Research Insight: Gallup has shown that employees who feel free to be themselves at work are 42% more likely to stay at their job, and 35% more likely to report higher job satisfaction[8].

Chapter 9: The Final Lesson – Comedy, Business, and Truth (in No Particular Order)

Nathan Fielder isn’t just a comedian; he’s a business philosopher for the post-truth era. The lesson? Commit to the bit. Ask the uncomfortable questions. Embrace the weird.
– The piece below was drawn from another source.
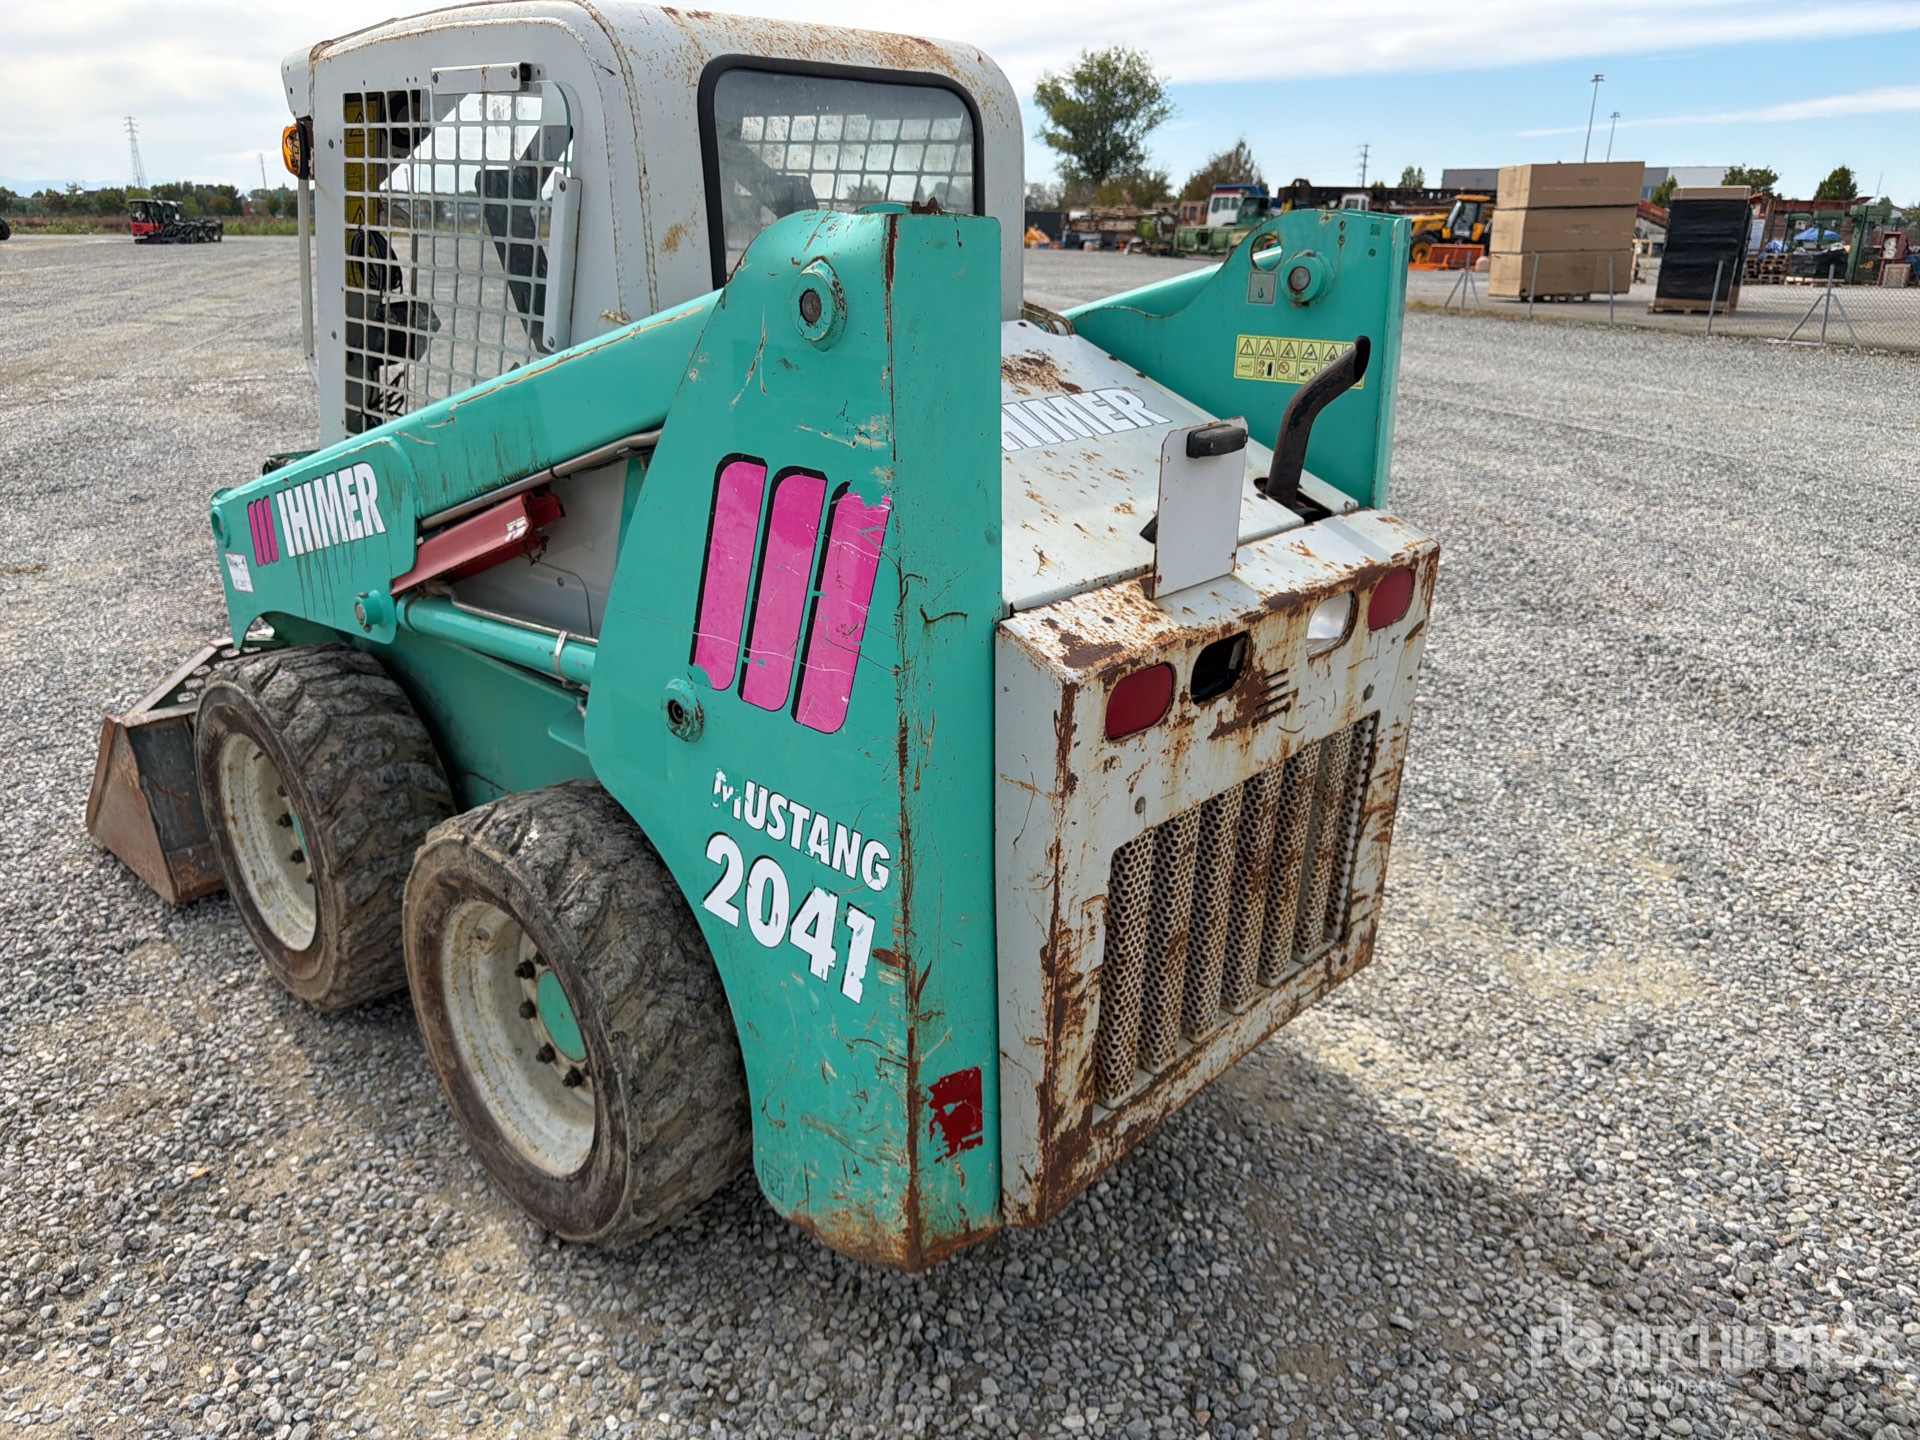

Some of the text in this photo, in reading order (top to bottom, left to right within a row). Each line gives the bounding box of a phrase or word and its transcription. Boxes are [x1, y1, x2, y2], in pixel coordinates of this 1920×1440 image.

[1001, 387, 1173, 452] HIMER
[276, 461, 387, 558] IHIMER
[701, 831, 877, 1006] 2041
And never, ever let the crowd (or the market) tell you what’s too absurd to try—because that’s probably where the gold is.

In a world run by algorithms and optimized for engagement, sometimes the only way to win is to stay human. To tell the truth, but make it funny. To run the bit until you’re the only one left standing—or at least the only one left still laughing.

Sources
[1] Pew Research Center. "Americans’ Changing Relationship With News," 2024. [2] Harvard Business Review. "The Business Case for Authentic Branding," 2023. [3] University of Scranton. "New Year's Resolution Statistics," 2022. [4] Pew Research Center. "Public Skeptical of AI-Generated Content," 2024. [5] Stanford University. "Curiosity and Creativity in Leadership," 2022. [6] Pew Research Center. "Political Polarization in the United States," 2024. [7] The New York Times. "The Science of Going Viral," 2022. [8] Gallup. "Employee Engagement and Authenticity at Work," 2023.